REQUIREMENT:
Where an entry holds an image, skip the image but reproduce the rest word for word.
Content starts
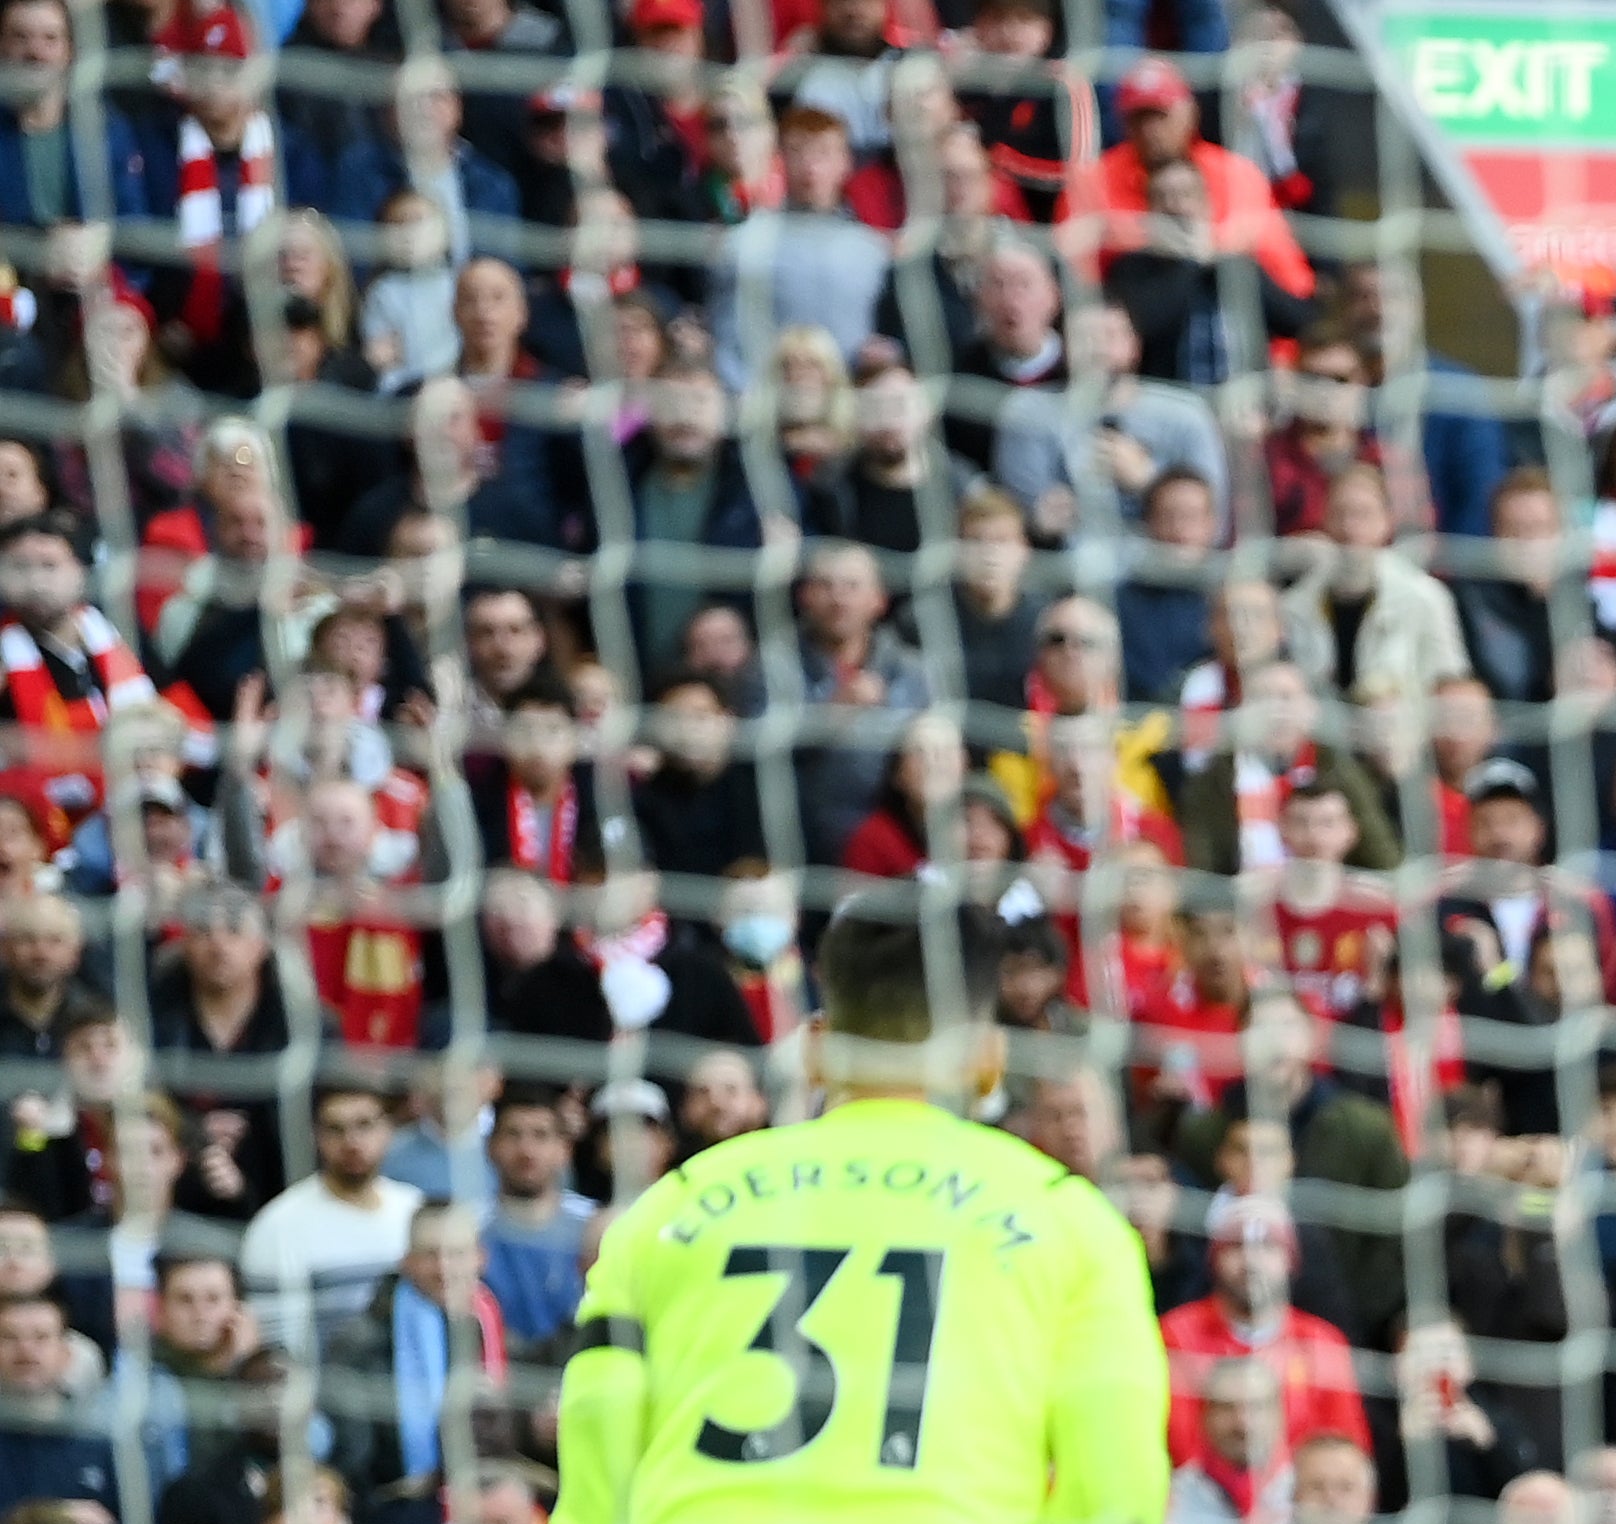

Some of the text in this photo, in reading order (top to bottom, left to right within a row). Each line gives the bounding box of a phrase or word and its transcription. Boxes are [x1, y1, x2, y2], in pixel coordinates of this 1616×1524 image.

[1413, 36, 1608, 119] EXIT
[667, 1160, 981, 1246] EDERSON
[692, 1243, 951, 1470] 31
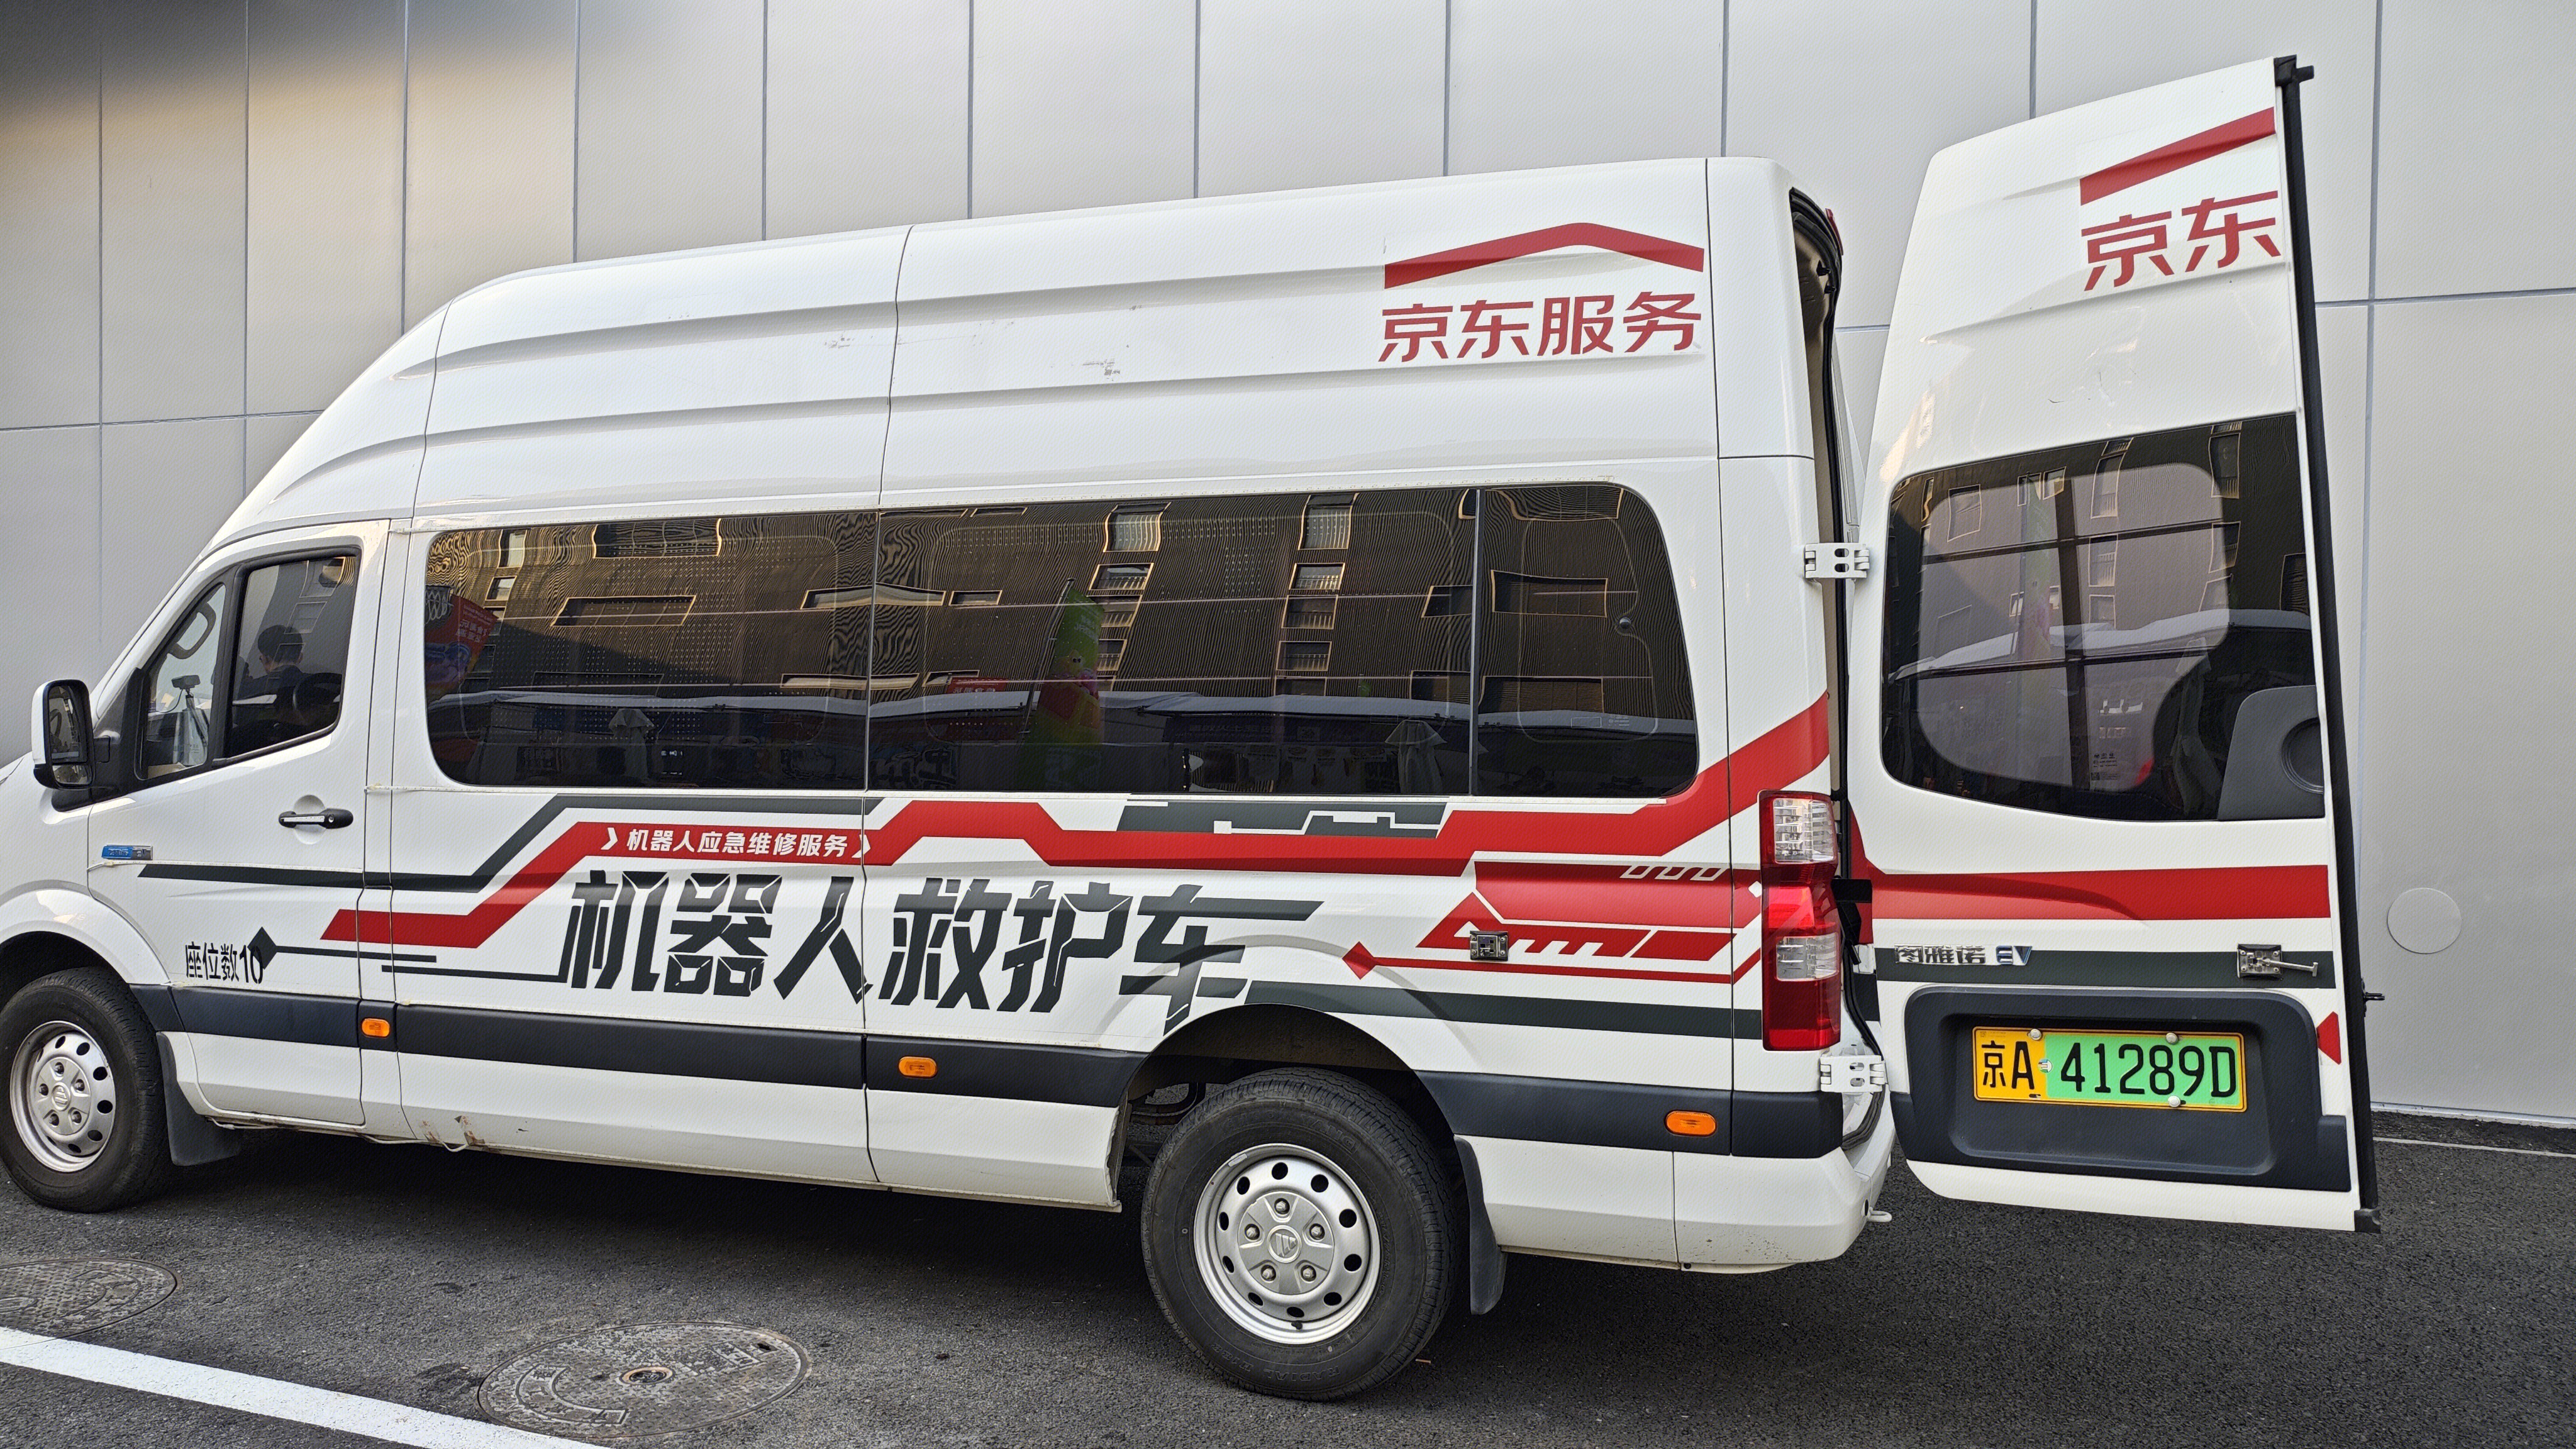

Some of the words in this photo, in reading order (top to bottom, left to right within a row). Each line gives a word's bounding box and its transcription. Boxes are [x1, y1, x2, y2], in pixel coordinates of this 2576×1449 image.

[2081, 190, 2281, 291] 京东
[1379, 291, 1701, 362] 京东服务
[627, 828, 848, 858] 机器人应急维修服务
[185, 941, 263, 984] 座位数10
[572, 870, 1248, 1036] 机器人救护车
[1894, 945, 1985, 964] 图雅诺
[1996, 945, 2033, 965] EV
[1263, 1366, 1340, 1381] RADIAL
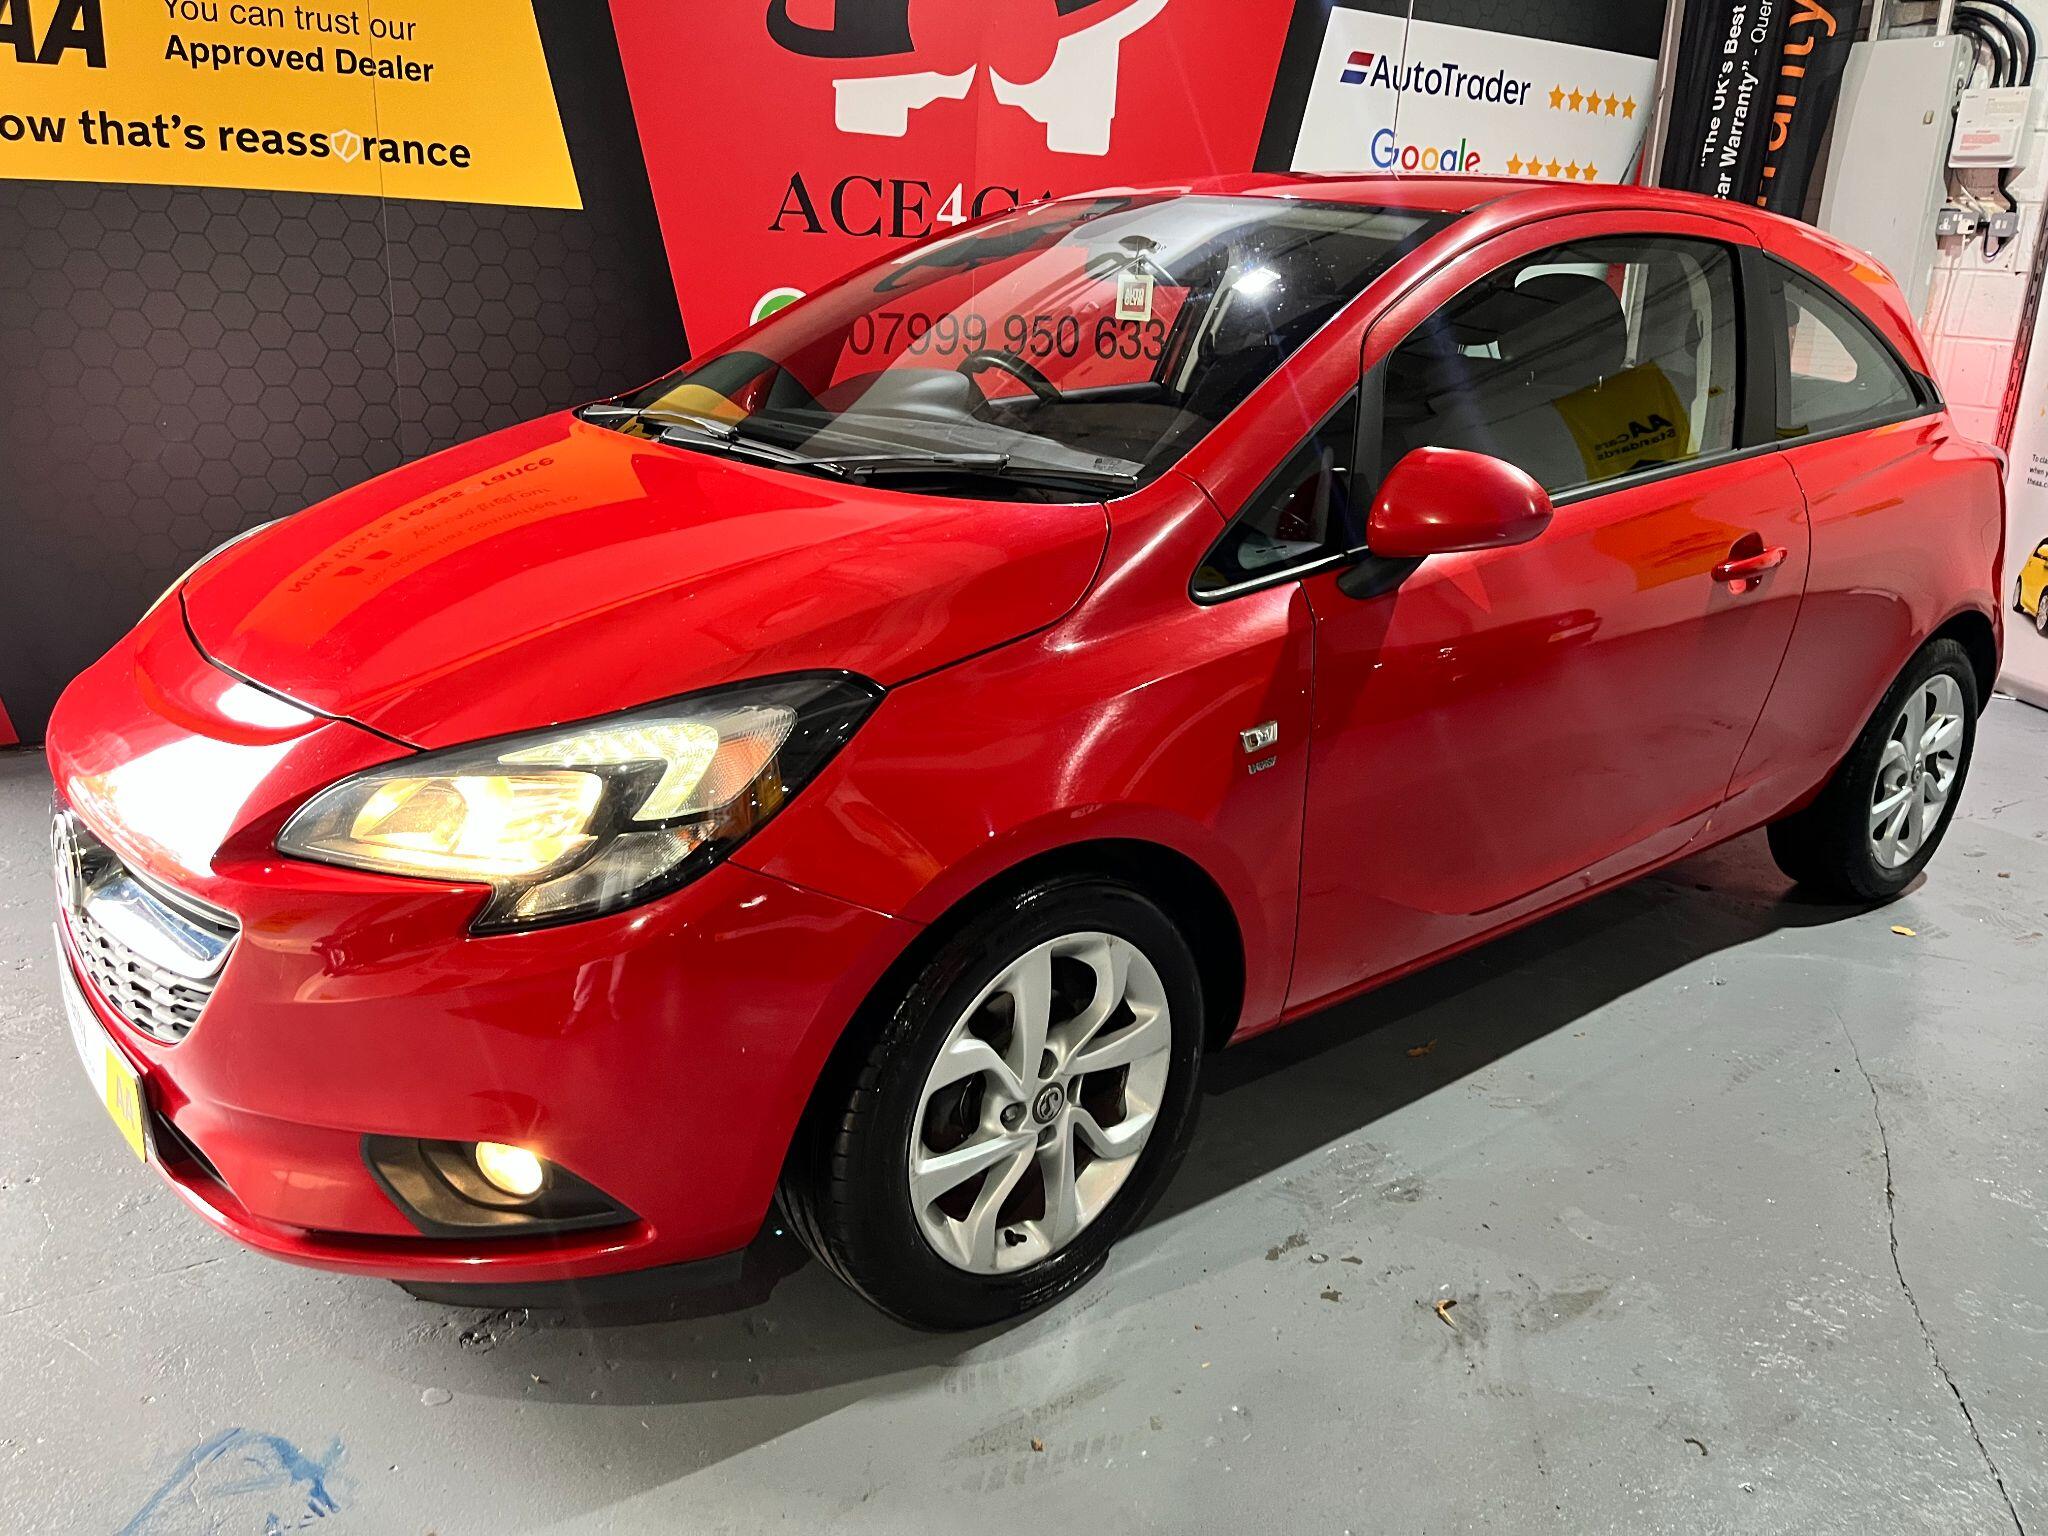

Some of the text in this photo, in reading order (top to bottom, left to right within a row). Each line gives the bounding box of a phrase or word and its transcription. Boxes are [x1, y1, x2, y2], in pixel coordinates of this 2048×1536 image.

[165, 0, 417, 41] You can trust our
[165, 34, 434, 83] Approved Dealer
[1370, 55, 1532, 106] AutoTrader
[1700, 5, 1747, 168] “The UK’s Best
[1719, 60, 1760, 168] Warranty”
[79, 110, 206, 150] that’s
[219, 124, 472, 169] reassrance
[1371, 128, 1481, 172] Google
[768, 171, 1052, 239] ACE4C
[1713, 172, 1732, 200] ar
[850, 312, 1167, 360] 07999 950 633
Content ends
EXERCISE RESULT:
Some of the text in this photo, in reading order (top to bottom, left to right within a row). Each line gives the bounding box of a phrase or word and its transcription. Boxes are [x1, y1, x2, y2], in pixel coordinates of this 1616×1524 image.

[1413, 36, 1608, 119] EXIT
[667, 1160, 981, 1246] EDERSON
[692, 1243, 951, 1470] 31

Some of the words in this photo, in reading order (top to bottom, left to right within a row). Each line gives a word's bounding box and its transcription. Boxes are [x1, y1, x2, y2], in pixel coordinates of this 2576×1449 image.

[2081, 190, 2281, 291] 京东
[1379, 291, 1701, 362] 京东服务
[627, 828, 848, 858] 机器人应急维修服务
[185, 941, 263, 984] 座位数10
[572, 870, 1248, 1036] 机器人救护车
[1894, 945, 1985, 964] 图雅诺
[1996, 945, 2033, 965] EV
[1263, 1366, 1340, 1381] RADIAL

Some of the text in this photo, in reading order (top to bottom, left to right within a row). Each line gives the bounding box of a phrase or word and its transcription. Boxes are [x1, y1, x2, y2], in pixel coordinates of this 2048×1536 image.

[165, 0, 417, 41] You can trust our
[165, 34, 434, 83] Approved Dealer
[1370, 55, 1532, 106] AutoTrader
[1700, 5, 1747, 168] “The UK’s Best
[1719, 60, 1760, 168] Warranty”
[79, 110, 206, 150] that’s
[219, 124, 472, 169] reassrance
[1371, 128, 1481, 172] Google
[768, 171, 1052, 239] ACE4C
[1713, 172, 1732, 200] ar
[850, 312, 1167, 360] 07999 950 633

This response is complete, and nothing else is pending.